The input
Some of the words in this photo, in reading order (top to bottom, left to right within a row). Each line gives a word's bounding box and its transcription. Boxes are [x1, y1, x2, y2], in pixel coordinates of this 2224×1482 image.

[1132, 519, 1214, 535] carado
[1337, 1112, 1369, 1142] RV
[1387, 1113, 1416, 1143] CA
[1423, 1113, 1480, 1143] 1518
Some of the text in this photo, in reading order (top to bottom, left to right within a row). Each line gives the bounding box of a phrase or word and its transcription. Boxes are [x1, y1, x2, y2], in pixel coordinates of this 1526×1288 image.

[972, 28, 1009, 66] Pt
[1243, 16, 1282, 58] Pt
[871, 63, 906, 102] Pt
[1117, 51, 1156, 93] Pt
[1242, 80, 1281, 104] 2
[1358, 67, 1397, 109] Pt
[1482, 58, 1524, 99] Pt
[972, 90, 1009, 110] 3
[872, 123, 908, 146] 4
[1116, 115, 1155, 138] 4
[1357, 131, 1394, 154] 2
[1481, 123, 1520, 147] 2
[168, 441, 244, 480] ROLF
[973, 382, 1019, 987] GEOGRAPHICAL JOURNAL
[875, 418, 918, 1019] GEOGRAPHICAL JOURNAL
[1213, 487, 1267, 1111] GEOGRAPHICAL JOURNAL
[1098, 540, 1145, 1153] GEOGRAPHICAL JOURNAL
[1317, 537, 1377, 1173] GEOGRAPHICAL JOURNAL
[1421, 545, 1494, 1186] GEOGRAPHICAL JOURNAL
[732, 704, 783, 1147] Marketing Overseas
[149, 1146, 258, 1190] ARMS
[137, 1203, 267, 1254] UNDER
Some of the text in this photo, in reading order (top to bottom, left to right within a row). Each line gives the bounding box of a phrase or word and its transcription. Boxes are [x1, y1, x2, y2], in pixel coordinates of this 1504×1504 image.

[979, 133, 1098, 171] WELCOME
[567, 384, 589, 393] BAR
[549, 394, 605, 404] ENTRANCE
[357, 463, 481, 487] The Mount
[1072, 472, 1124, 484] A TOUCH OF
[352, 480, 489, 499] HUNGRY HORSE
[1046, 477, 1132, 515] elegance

What you should do
What you write should match, character for character, the lines from the one with "this 1526×1288 image." to the end of the data, both included.

Answer
Some of the text in this photo, in reading order (top to bottom, left to right within a row). Each line gives the bounding box of a phrase or word and its transcription. Boxes are [x1, y1, x2, y2], in pixel coordinates of this 1526×1288 image.

[972, 28, 1009, 66] Pt
[1243, 16, 1282, 58] Pt
[871, 63, 906, 102] Pt
[1117, 51, 1156, 93] Pt
[1242, 80, 1281, 104] 2
[1358, 67, 1397, 109] Pt
[1482, 58, 1524, 99] Pt
[972, 90, 1009, 110] 3
[872, 123, 908, 146] 4
[1116, 115, 1155, 138] 4
[1357, 131, 1394, 154] 2
[1481, 123, 1520, 147] 2
[168, 441, 244, 480] ROLF
[973, 382, 1019, 987] GEOGRAPHICAL JOURNAL
[875, 418, 918, 1019] GEOGRAPHICAL JOURNAL
[1213, 487, 1267, 1111] GEOGRAPHICAL JOURNAL
[1098, 540, 1145, 1153] GEOGRAPHICAL JOURNAL
[1317, 537, 1377, 1173] GEOGRAPHICAL JOURNAL
[1421, 545, 1494, 1186] GEOGRAPHICAL JOURNAL
[732, 704, 783, 1147] Marketing Overseas
[149, 1146, 258, 1190] ARMS
[137, 1203, 267, 1254] UNDER
Some of the text in this photo, in reading order (top to bottom, left to right within a row). Each line gives the bounding box of a phrase or word and its transcription. Boxes are [x1, y1, x2, y2], in pixel coordinates of this 1504×1504 image.

[979, 133, 1098, 171] WELCOME
[567, 384, 589, 393] BAR
[549, 394, 605, 404] ENTRANCE
[357, 463, 481, 487] The Mount
[1072, 472, 1124, 484] A TOUCH OF
[352, 480, 489, 499] HUNGRY HORSE
[1046, 477, 1132, 515] elegance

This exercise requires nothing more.